How to complete this task: Below are records to be repeated exactly. Leave their pictures behind.

━━━━━━━━━━━━━━━━

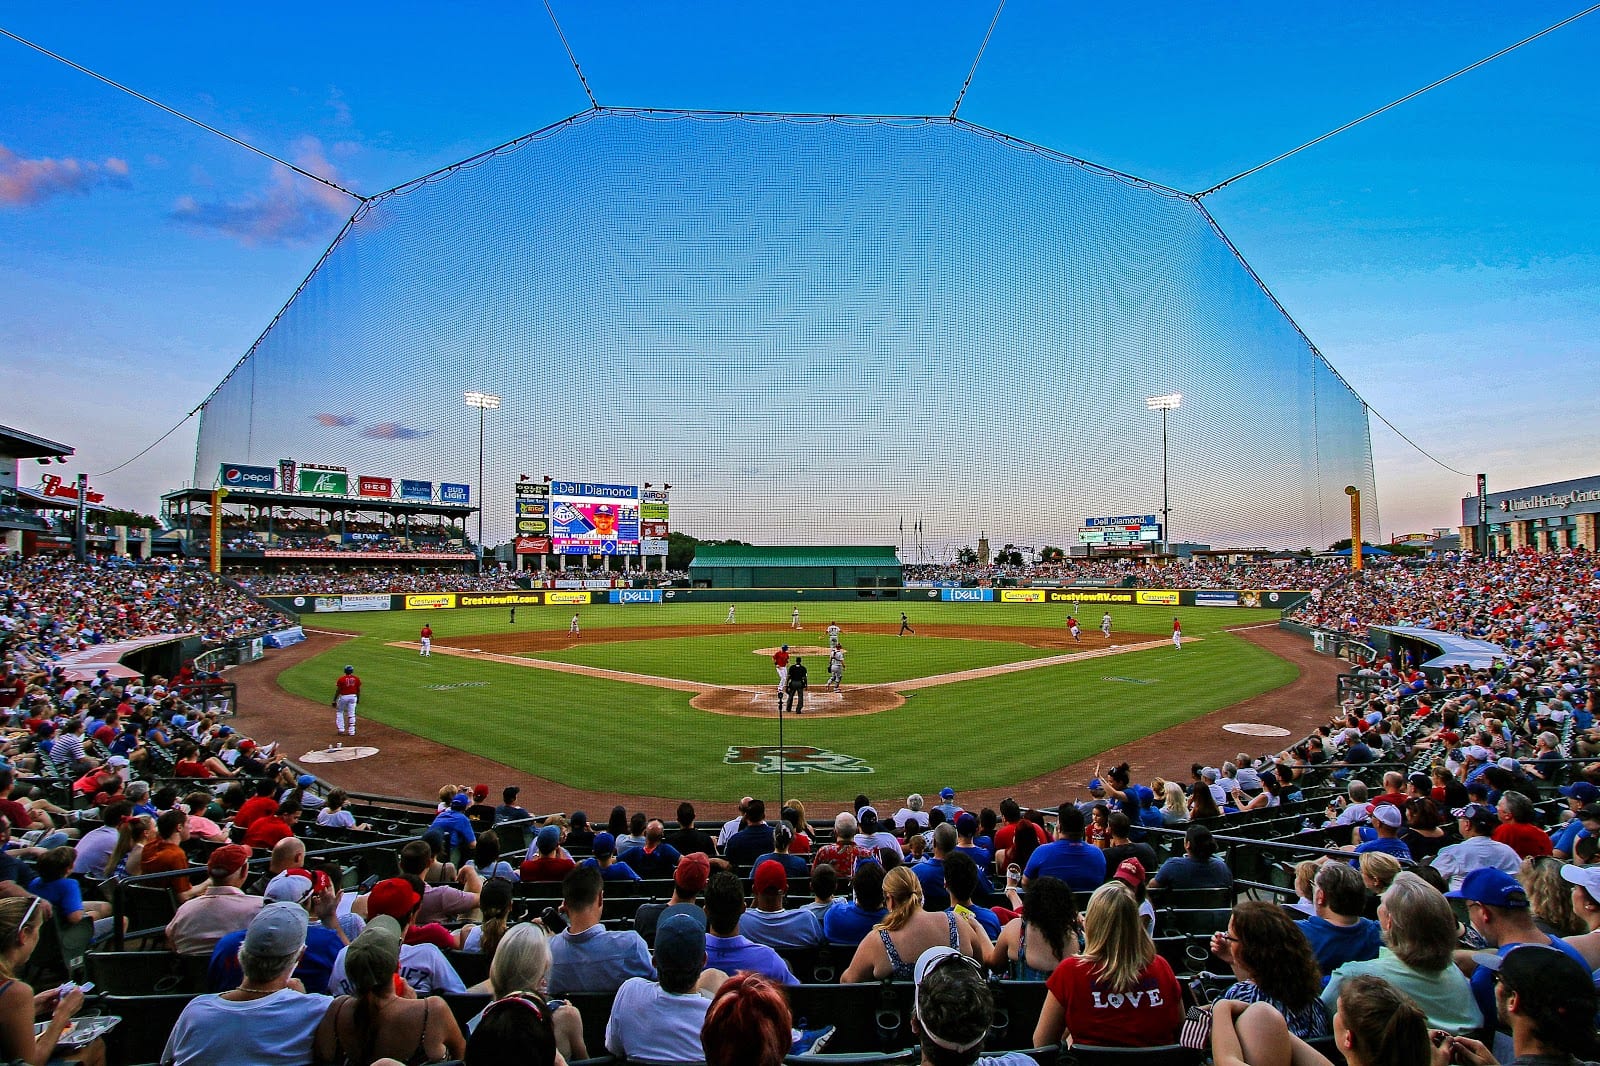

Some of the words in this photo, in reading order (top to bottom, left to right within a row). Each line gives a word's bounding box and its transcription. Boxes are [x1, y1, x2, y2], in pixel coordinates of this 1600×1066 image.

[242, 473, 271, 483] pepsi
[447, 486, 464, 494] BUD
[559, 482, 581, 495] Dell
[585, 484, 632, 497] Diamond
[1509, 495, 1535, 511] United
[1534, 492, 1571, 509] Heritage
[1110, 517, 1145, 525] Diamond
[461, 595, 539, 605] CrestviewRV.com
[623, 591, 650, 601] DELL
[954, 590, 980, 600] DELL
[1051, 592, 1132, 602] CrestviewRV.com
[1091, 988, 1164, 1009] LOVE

━━━━━━━━━━━━━━━━

Your solution:
Some of the words in this photo, in reading order (top to bottom, left to right within a row). Each line gives a word's bounding box and its transcription. Boxes are [x1, y1, x2, y2], in pixel coordinates of this 1600×1066 image.

[242, 473, 271, 483] pepsi
[447, 486, 464, 494] BUD
[559, 482, 581, 495] Dell
[585, 484, 632, 497] Diamond
[1509, 495, 1535, 511] United
[1534, 492, 1571, 509] Heritage
[1110, 517, 1145, 525] Diamond
[461, 595, 539, 605] CrestviewRV.com
[623, 591, 650, 601] DELL
[954, 590, 980, 600] DELL
[1051, 592, 1132, 602] CrestviewRV.com
[1091, 988, 1164, 1009] LOVE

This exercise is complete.